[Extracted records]
== Segment start ==
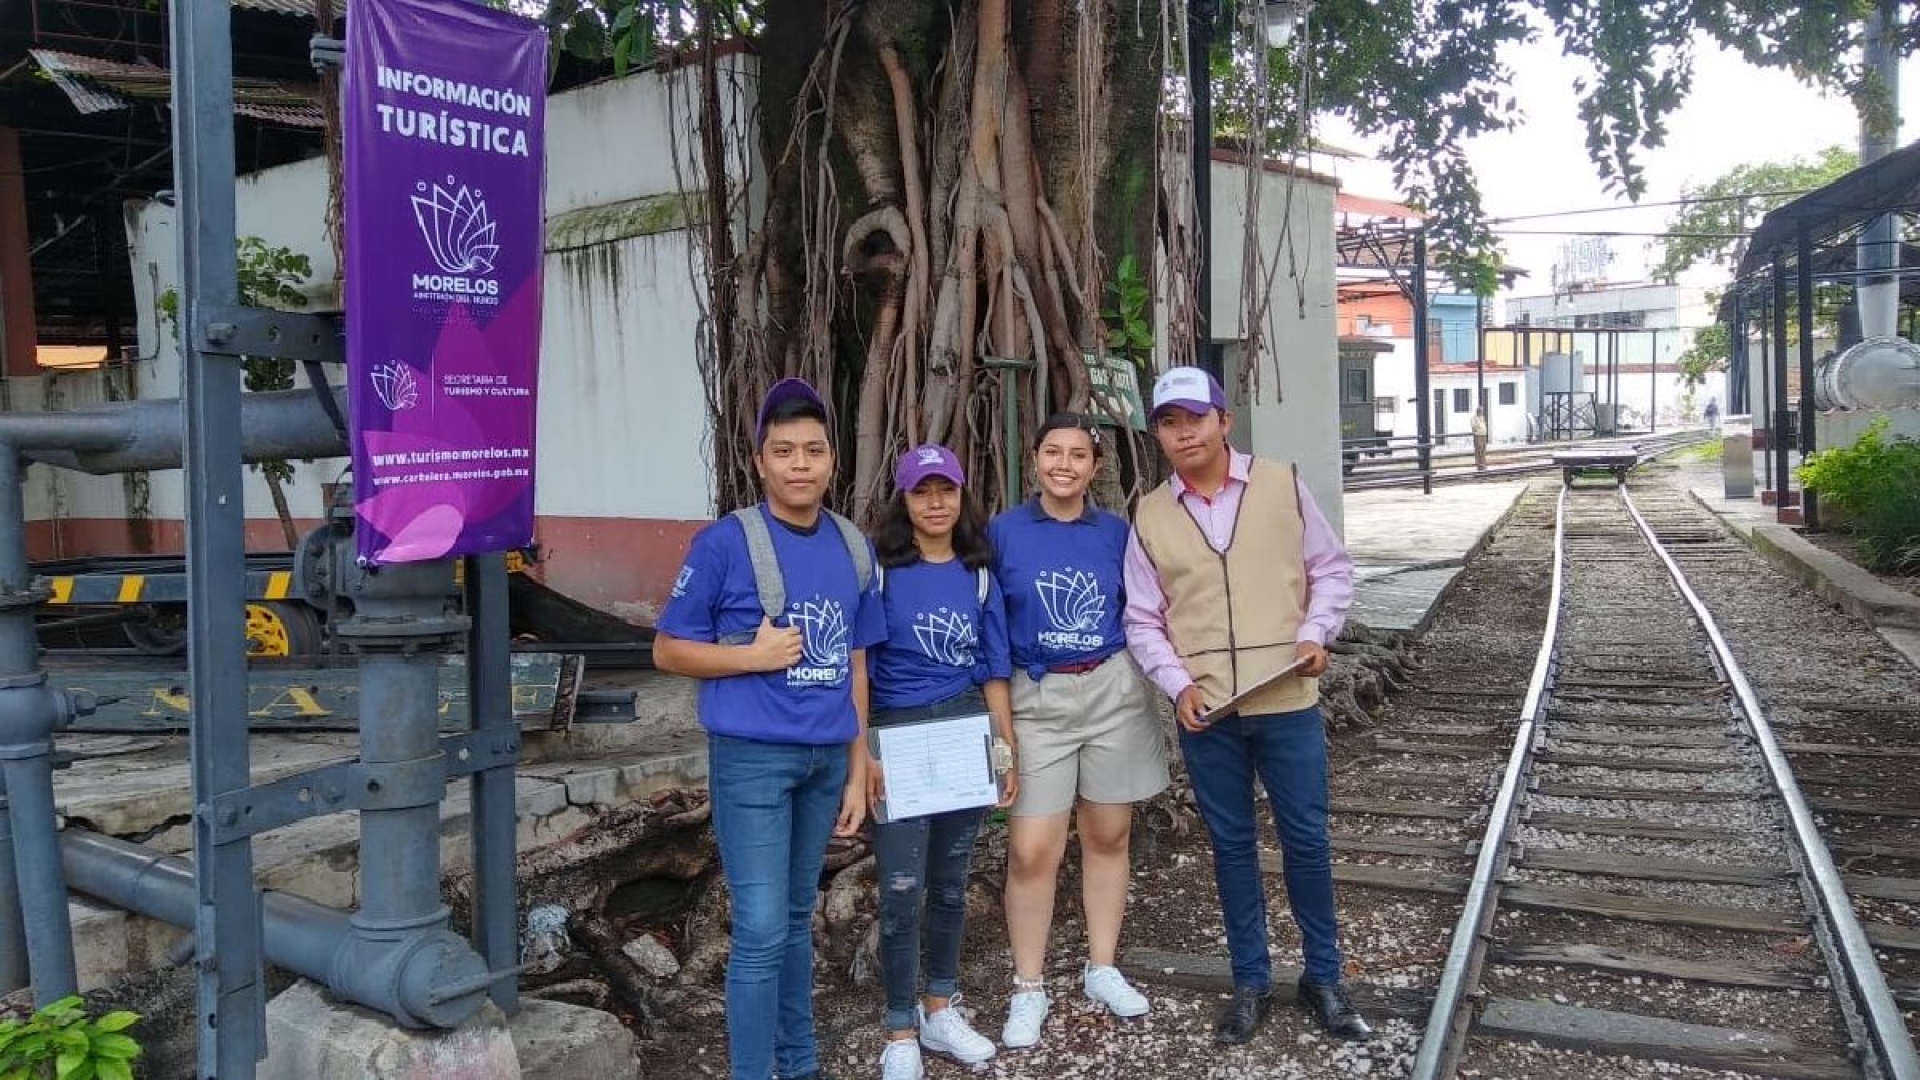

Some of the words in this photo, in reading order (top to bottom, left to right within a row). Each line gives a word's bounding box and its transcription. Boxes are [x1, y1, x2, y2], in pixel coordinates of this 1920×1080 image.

[376, 65, 531, 117] INFORMACIÓN
[376, 104, 529, 157] TURÍSTICA
[412, 273, 499, 295] MORELOS
[443, 387, 482, 396] TURISMO
[482, 387, 490, 396] Y
[490, 388, 530, 396] CULTURA
[373, 446, 529, 467] www.turismomorelos.mx
[1037, 631, 1104, 647] MORELOS
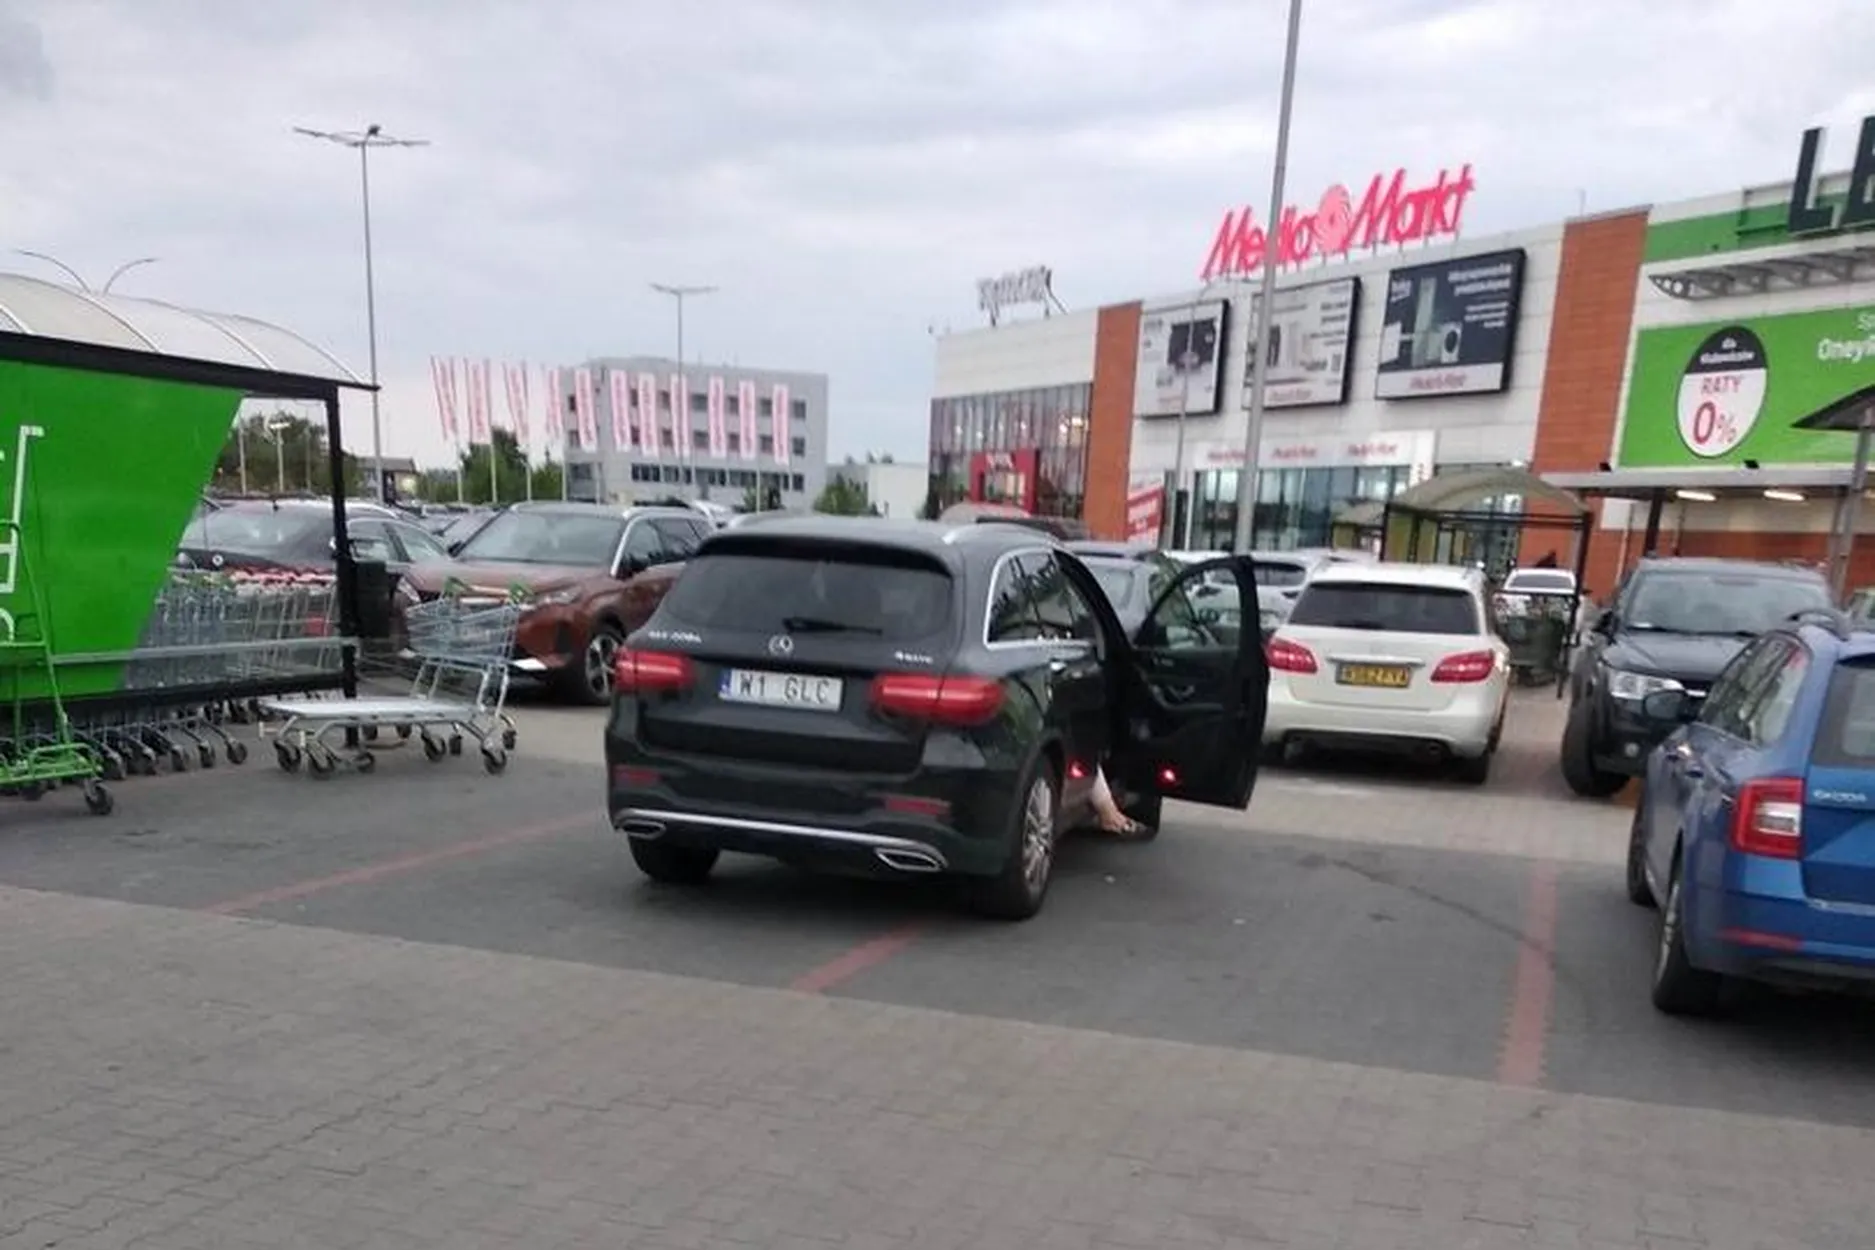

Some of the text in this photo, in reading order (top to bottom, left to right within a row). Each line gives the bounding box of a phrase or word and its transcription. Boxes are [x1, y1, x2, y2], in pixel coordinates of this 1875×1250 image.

[1200, 164, 1473, 281] Meia Markt
[1702, 376, 1741, 394] RATY
[1693, 401, 1738, 445] 0%
[740, 674, 766, 698] W1
[784, 677, 830, 704] GLC
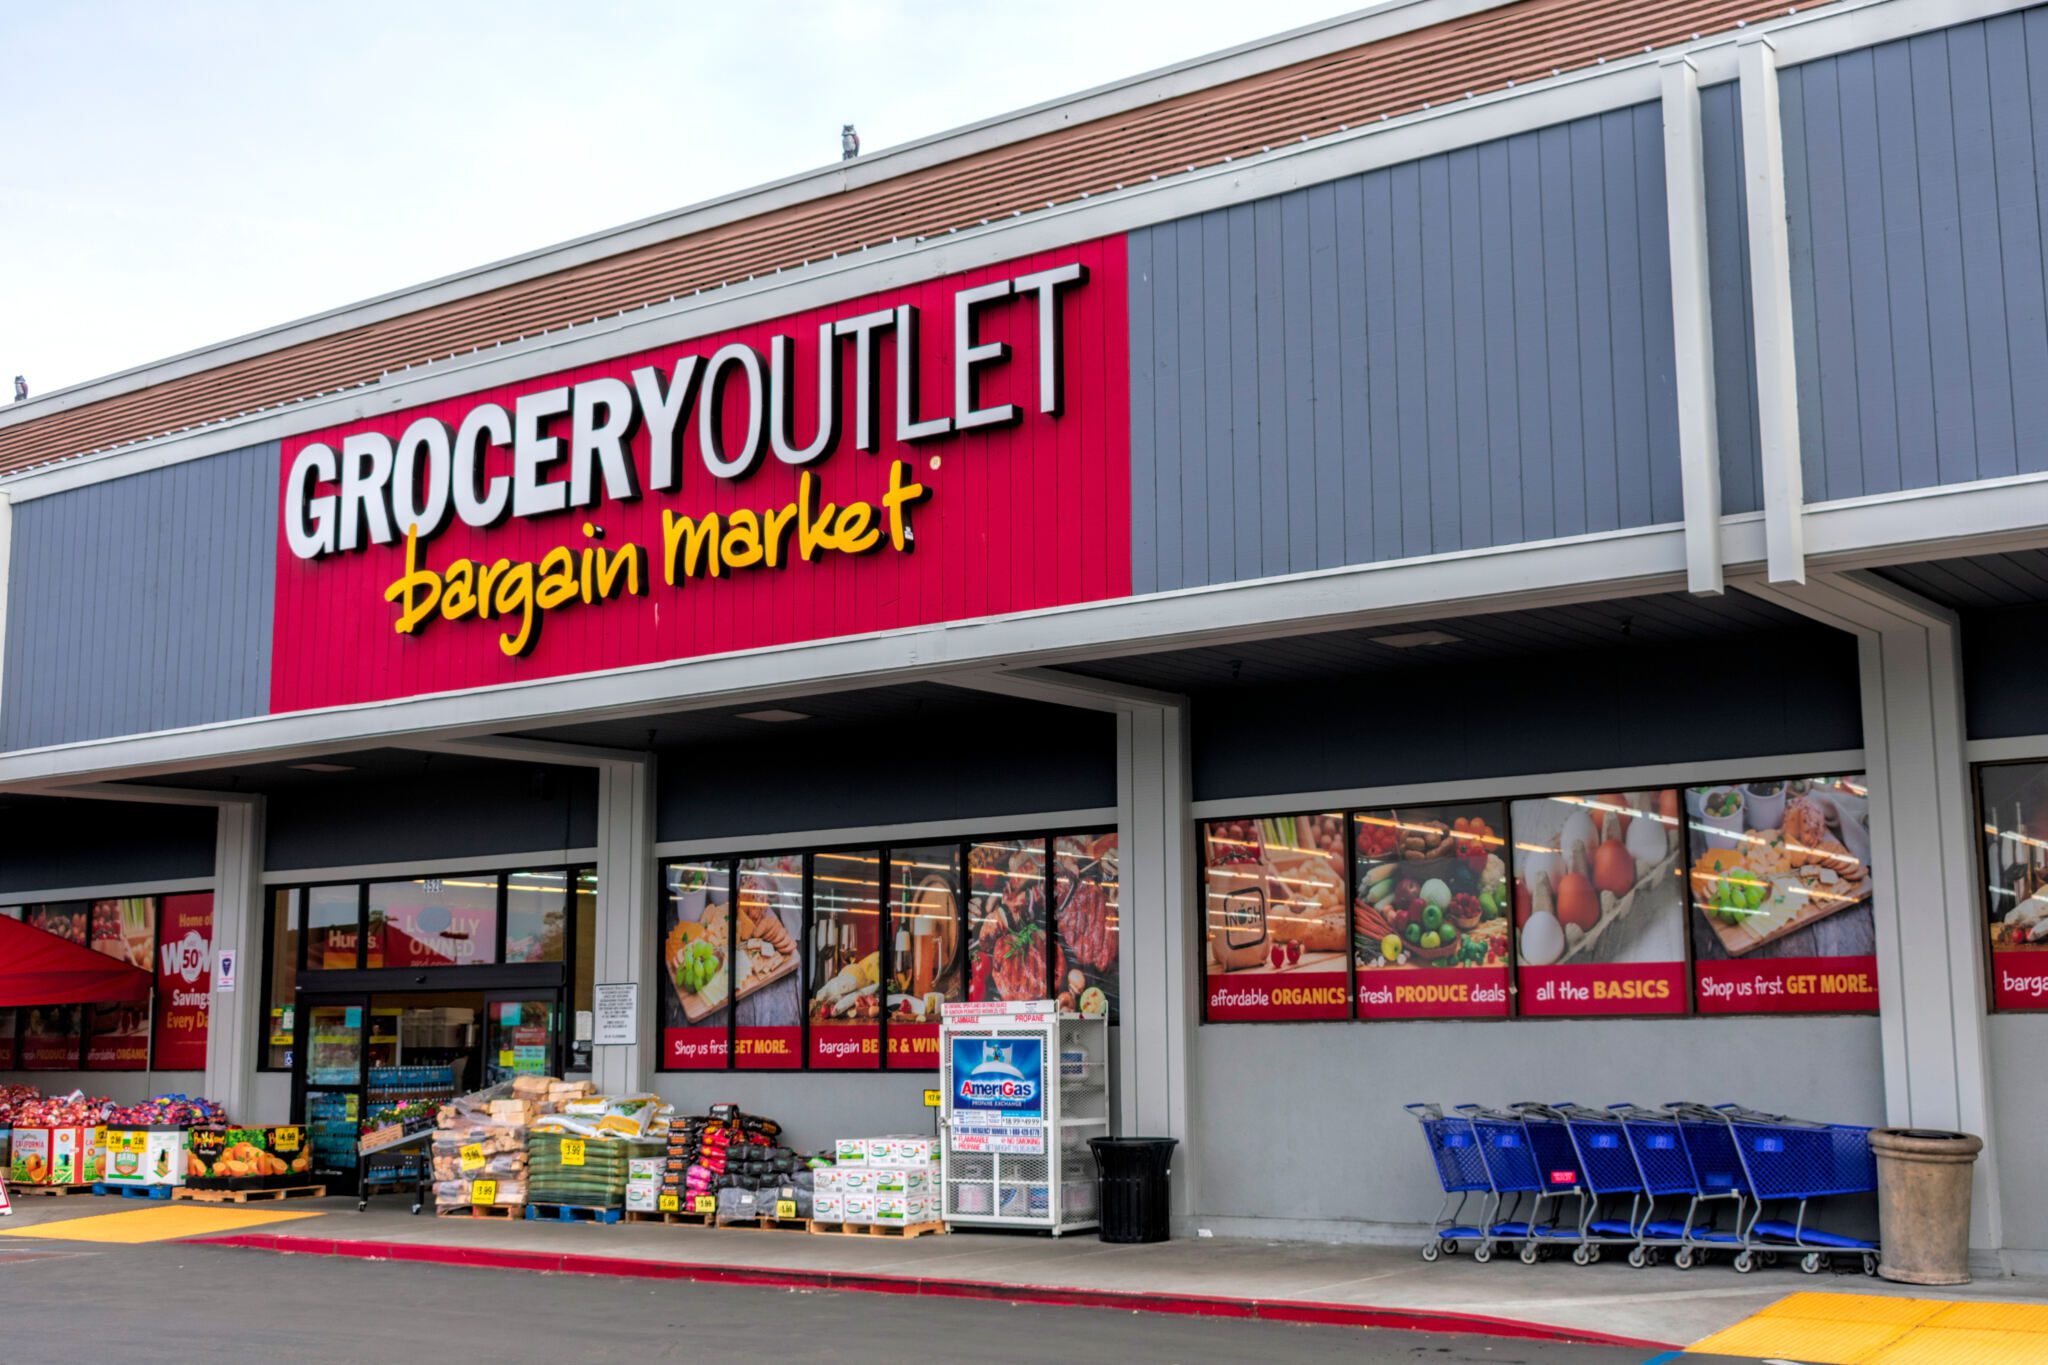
== Segment end ==
* _What this task involves_
When copying the entries above, keep each word as it is and exclude any image.

* _Solution to this problem_
Some of the words in this photo, in reading order (top to bottom, left to right within a row). Each line gives a word's bounding box and its transcription. Boxes are [x1, y1, x2, y2], in pixel coordinates of this 1920×1080 image.

[376, 65, 531, 117] INFORMACIÓN
[376, 104, 529, 157] TURÍSTICA
[412, 273, 499, 295] MORELOS
[443, 387, 482, 396] TURISMO
[482, 387, 490, 396] Y
[490, 388, 530, 396] CULTURA
[373, 446, 529, 467] www.turismomorelos.mx
[1037, 631, 1104, 647] MORELOS

Some of the text in this photo, in reading order (top to bottom, left to right within a row). Each line gives the bounding box of a phrase or word and its transcription. Boxes are [x1, y1, x2, y2], in pixel coordinates of this 1875×1250 image.

[1200, 164, 1473, 281] Meia Markt
[1702, 376, 1741, 394] RATY
[1693, 401, 1738, 445] 0%
[740, 674, 766, 698] W1
[784, 677, 830, 704] GLC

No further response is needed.